Robert E. Lee is known to have sat for only four painted portraits during his life--and only one direct portrait in sculpture. In June 1870, a weary Lee began a series of sittings with the young sculptor Edward Virginius Valentine in Lexington.

 

 

 

Description:

American, circa 1870

Sand casted bronze with brown patina

Titled on the back: Gen. Robert E. Lee in raised letters

Signed: Edward V. Valentine in stamped letters 

The overall height is 22 1/2 inches; the overall width is 21 1/2 inches; and the overall depth is 10 1/2 inches.

 

This portrayal, encompassing head and chest, shows General Lee in his CSA uniform with his head slightly turned to the right. His hair is parted on the right and there is a bow tie on his collared shirt. Over his vest is a double-breasted uniform coat with three stars on each lapel.

 

Artist

Edward Virginius Valentine was born in Richmond on November 12, 1838 to Mann Satterwhite Valentine, a successful merchant, and his wife, the former Elizabeth Mosby. The youngest of nine children, Edward’s talent was revealed early on, and young “Ned” won his first art award at the age of seventeen, for a bust of the Apollo Belvedere exhibited at the Mechanics Institute Fair in Richmond. In 1856, he studied human anatomy at the Medical College of Virginia and received instruction in drawing from the Richmond artist, William James Hubard. From 1859 to 1865, Valentine traveled in Europe, studying under Couture and Jouffrey in Paris, Bonanti in Florence and August Kiss in Berlin.
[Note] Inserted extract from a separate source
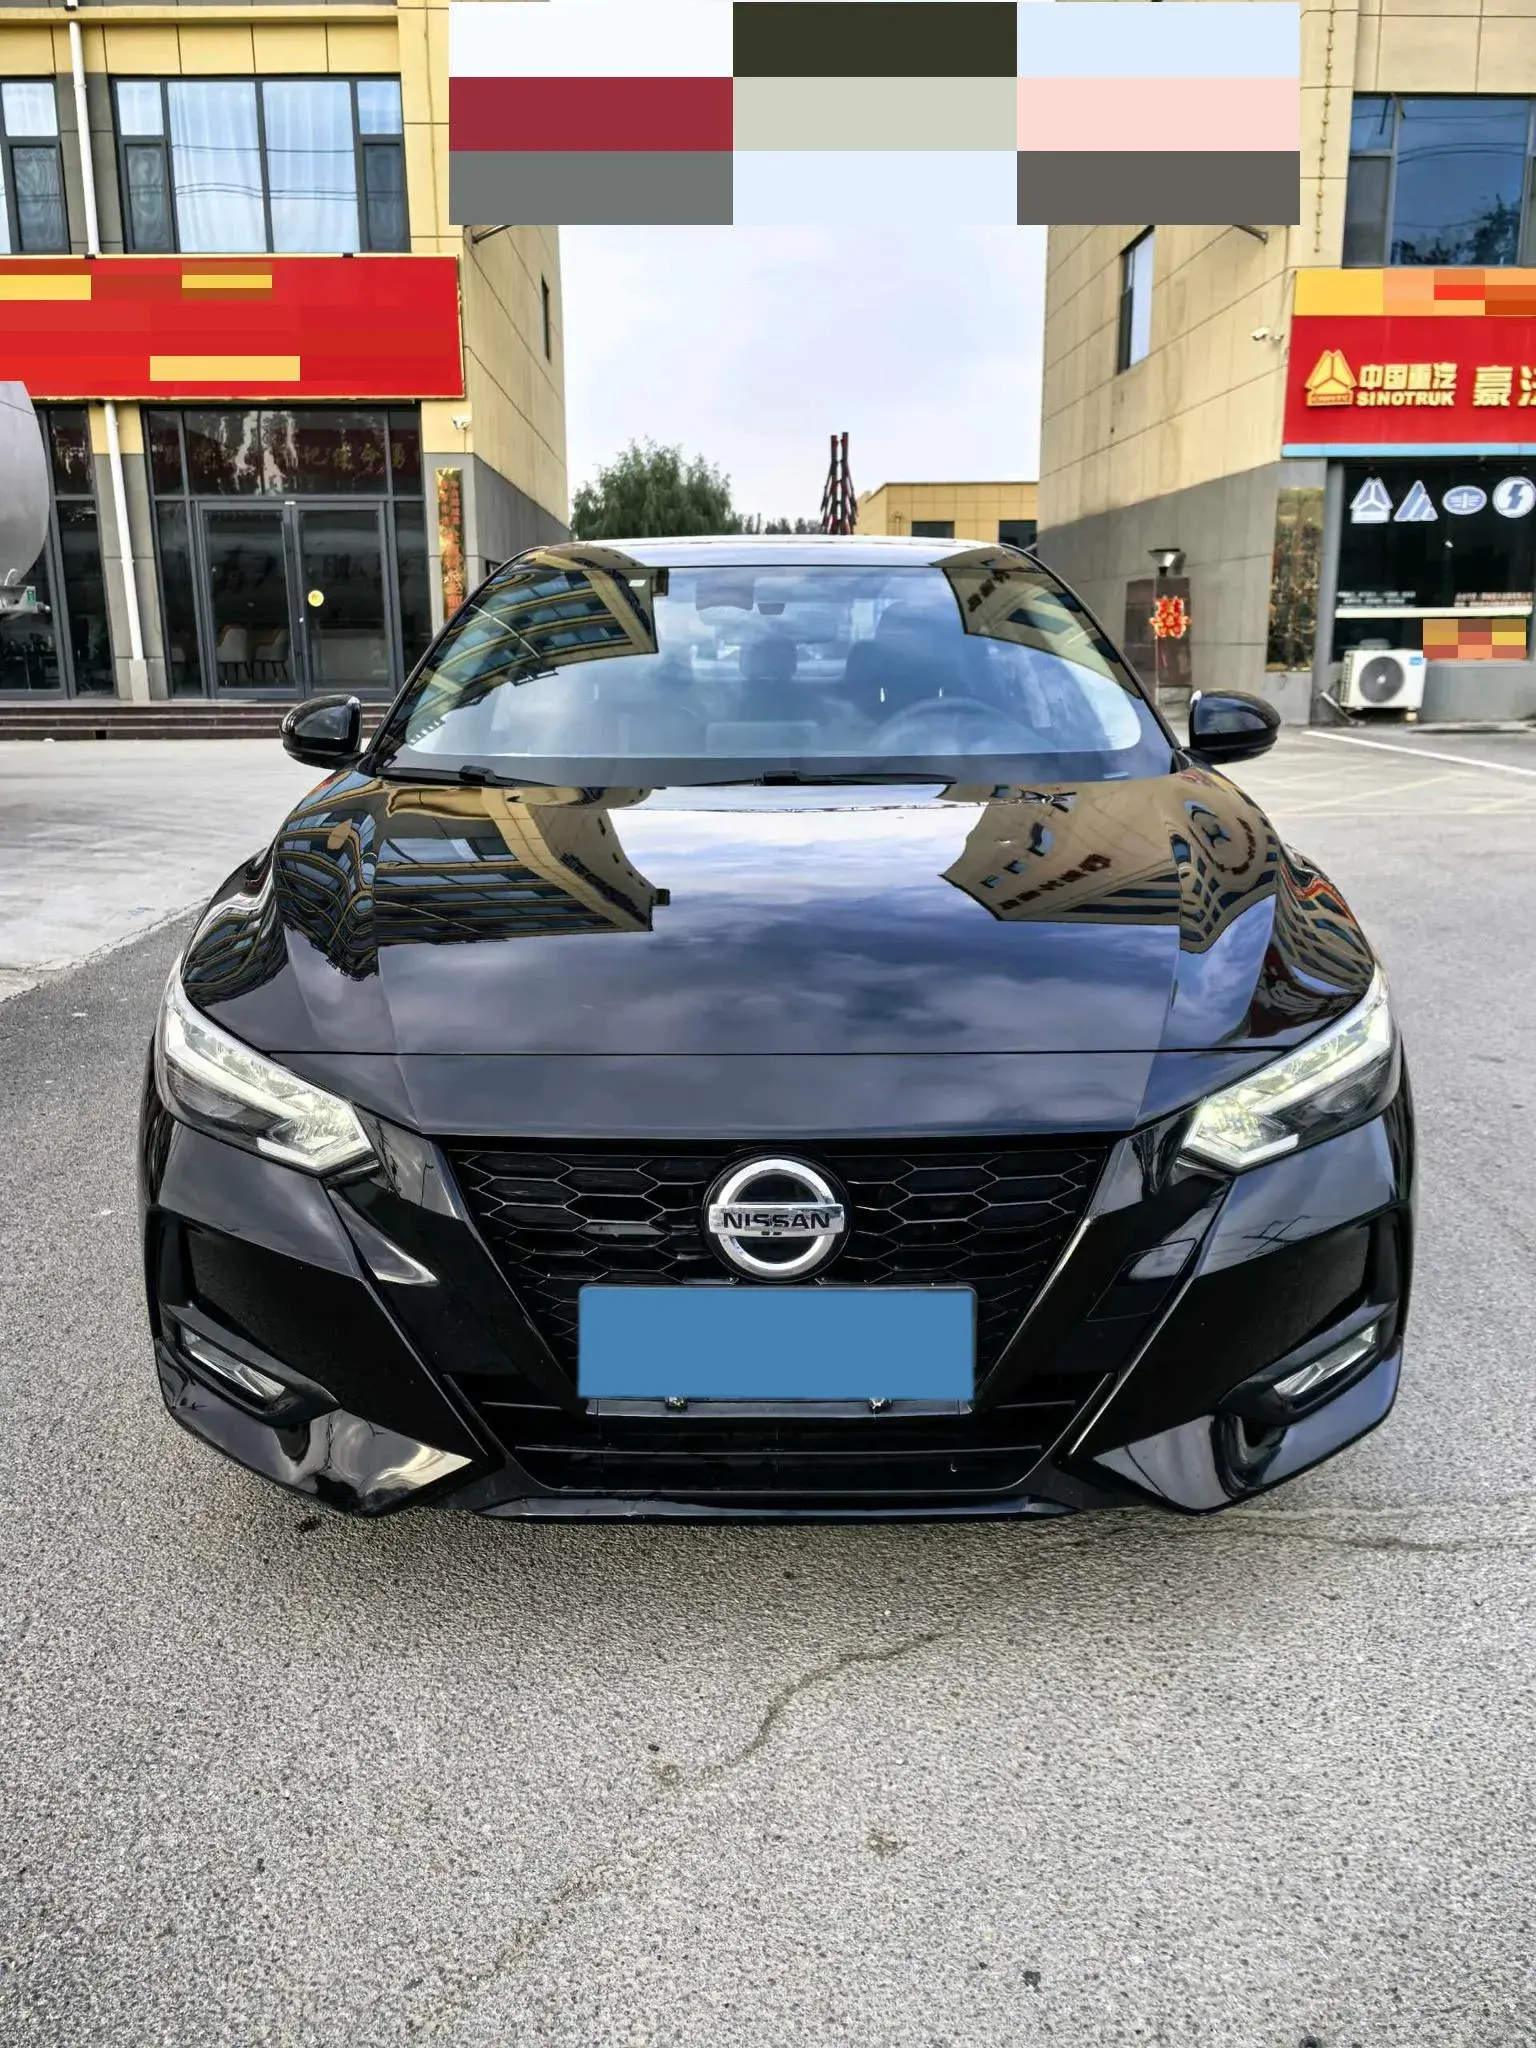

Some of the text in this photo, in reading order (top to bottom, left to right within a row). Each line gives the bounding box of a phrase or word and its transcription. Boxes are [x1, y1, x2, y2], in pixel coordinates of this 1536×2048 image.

[1359, 362, 1457, 390] 中国重汽
[1356, 391, 1455, 406] SINOTRUK
[723, 1212, 830, 1229] NISSAN
Upon Professor Kiss’s death--and the conclusion of the War Between the States--Valentine returned to Richmond, opening his own studio. There he produced classical pieces as well as commissioned work. Most scholars and texts recognize Valentine as the most renowned sculptor in the South during the second half of the nineteenth century. Certainly, Valentine’s sculptures of Lee, especially the recumbent statue of Lee at his burial site in the chapel at Washington and Lee University, are his most famous. Other significant works include the statues of Thomas Jefferson and Jefferson Davis in Richmond.

 

Casting

In late May 1870, General Lee visited Richmond and underwent thorough physical examinations by his doctors. In response to encouragement from friends, he took this opportunity to call on the noted young sculptor Edward Valentine. Evidently, he liked the young man, for he allowed detailed measurements to be taken for a portrait head. The sculptor said that he would like to do the actual modeling in Lexington. Should he come now or in the fall? Let him come now, said Lee, even though he himself would have more leisure for sittings toward autumn--and Valentine sensed that Lee felt his hold on life to be uncertain. (1) Four months later--October 12, 1870--Lee passed away.

 

The sittings commenced on June 7 and were completed on June 12. The sessions took place at in a makeshift workroom--a vacant store below Valentine’s hotel. The sittings were kept private, at Lee’s request; only his son Custis and one of the Washington College professors were admitted. The casting took place on June 20, 1870. On July 27, 1870, the Richmond Dispatch reported on Valentine’s latest work, describing it as "a noble work that belongs to the nation."

 

There are two plaster busts existing of this work, one at the Valentine Museum and one in private ownership. Both of the bronze castings are in private ownership, this being one of the two. The other is now in a private collection in Texas, sold by Robert M. Hicklin Jr., Inc.  The National Portrait Gallery has a copy in bronze, made in 1978 from the plaster bust in the Valentine Museum's collection (with great loss of detail).

 

This sculpture was produced by sand casting, a procedure used in American foundries through 1895. (See Shapiro’s Bronze Casting and American Sculpture, page 108.)  The foundry mark is on the backside at the lower right, and it is in the form of the box used to make sand castings. It is believed to be the mark of the Tredegar Iron works in Richmond, a Confederate enterprise that had made bronze cannons during the Civil War.  This particular bronze was examined by the then curator of the Valentine Museum and has been identified as one of the two 1870 castings.

 

Condition

There are no major faults or damage, and there are no apparent repairs or restorations.  Expectably, there is "bronze disease” from aging, in the form of noticeable surface verdigris and grunge, and there are minor scuffs and wear points. The underside appears never to have had a plinth base attached, though the mounts are present.

 

Comment

This extraordinarily rare and significant piece represents the ultimate confluence of Southern history and art: the most famous Southern hero portrayed by the most widely regarded Southern artist of the day, likely cast by a famous Southern foundry noted for producing Confederate armaments.

 

 

"The head of my bust is a little elevated and turned to the right side. The Gen'l said that Mrs. Lee seems to prefer a three-quarter view of his face, and this view you get when standing in front of the bust."

 

The artist to his sister, Sarah B. Valentine, on June 7, 1870. (Valentine Museum Archives)

 

 

"...a sad, slightly surprised look...the expression is one Lee might have had when surveying the dead soldiers on a battlefield.”

 

Melinda Moss, "Edward Valentine: A Southern Artist," p.  46.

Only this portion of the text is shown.